Alelle specific gene expression analysis for single cell RNA sequencing

This vignette uses gene and single nucleotide variant (SNV) expression files generated from the Annotate Various Features for Alignment.

0. Perform cell clustering with Seurat

We begin by performing cell clustering based on gene expression, which is identical to the first step outlined in the Alternative splicing analysis for scRNA-seq. If you’re continuing from the previous vignette, you are free to skip this section.

require(Yano)

Loading required package: Yano

── Attaching packages ────────────────────────────────────────────── Yano 1.2 ──
✔ dplyr   1.1.4     ✔ Seurat  5.3.0
✔ ggplot2 3.5.2

exp <- ReadPISA("./exp/")

obj <- CreateSeuratObject(exp, min.features = 1000, min.cells = 10)
obj[["percent.mt"]] <- PercentageFeatureSet(obj, pattern = "^MT-")
obj <- subset(obj, nFeature_RNA < 9000 & percent.mt < 20)
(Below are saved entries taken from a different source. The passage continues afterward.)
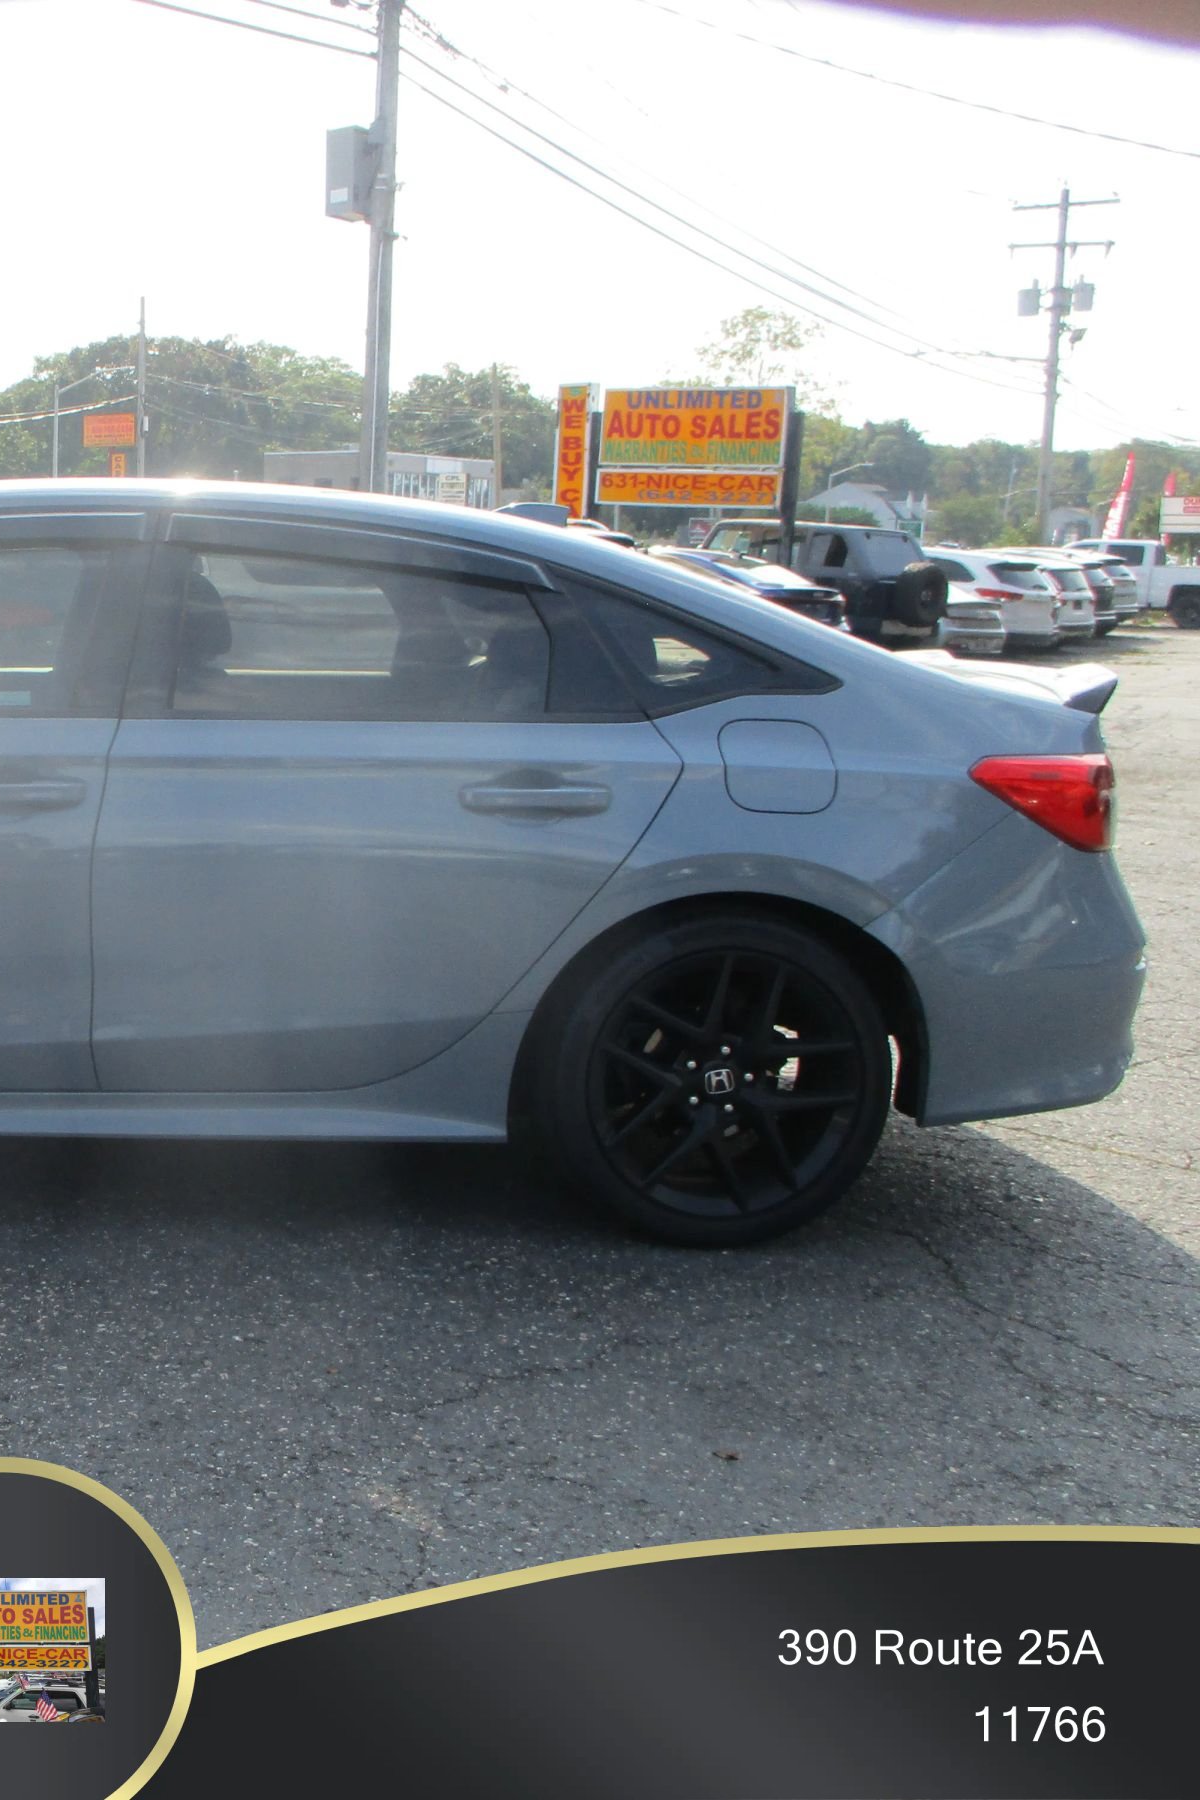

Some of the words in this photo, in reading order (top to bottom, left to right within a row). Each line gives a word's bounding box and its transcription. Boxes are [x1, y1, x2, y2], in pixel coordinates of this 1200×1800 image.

[627, 390, 762, 409] UNLIMITED
[562, 399, 585, 429] WE
[607, 410, 681, 438] AUTO
[689, 409, 780, 439] SALES
[560, 436, 582, 481] BUY
[604, 440, 688, 463] WARRANTIES
[706, 440, 781, 463] FINANCING
[601, 474, 776, 491] 631-NICE-CAR
[638, 489, 776, 502] (642-3227)
# Downsampling to 2000 cells for fast testing
obj <- obj[, sample(colnames(obj),2000)]

# To improve visualization, we reduced the resolution when identifying cell clusters.
obj <- NormalizeData(obj) %>% FindVariableFeatures() %>% ScaleData() %>%  RunPCA(verbose=FALSE) %>% FindNeighbors(dims = 1:10, verbose=FALSE) %>% FindClusters(resolution = 0.1, verbose=FALSE) %>% RunUMAP(dims=1:10, verbose=FALSE)

Normalizing layer: counts
Finding variable features for layer counts
Centering and scaling data matrix

DimPlot(obj, label=TRUE, label.size = 5, label.box = TRUE)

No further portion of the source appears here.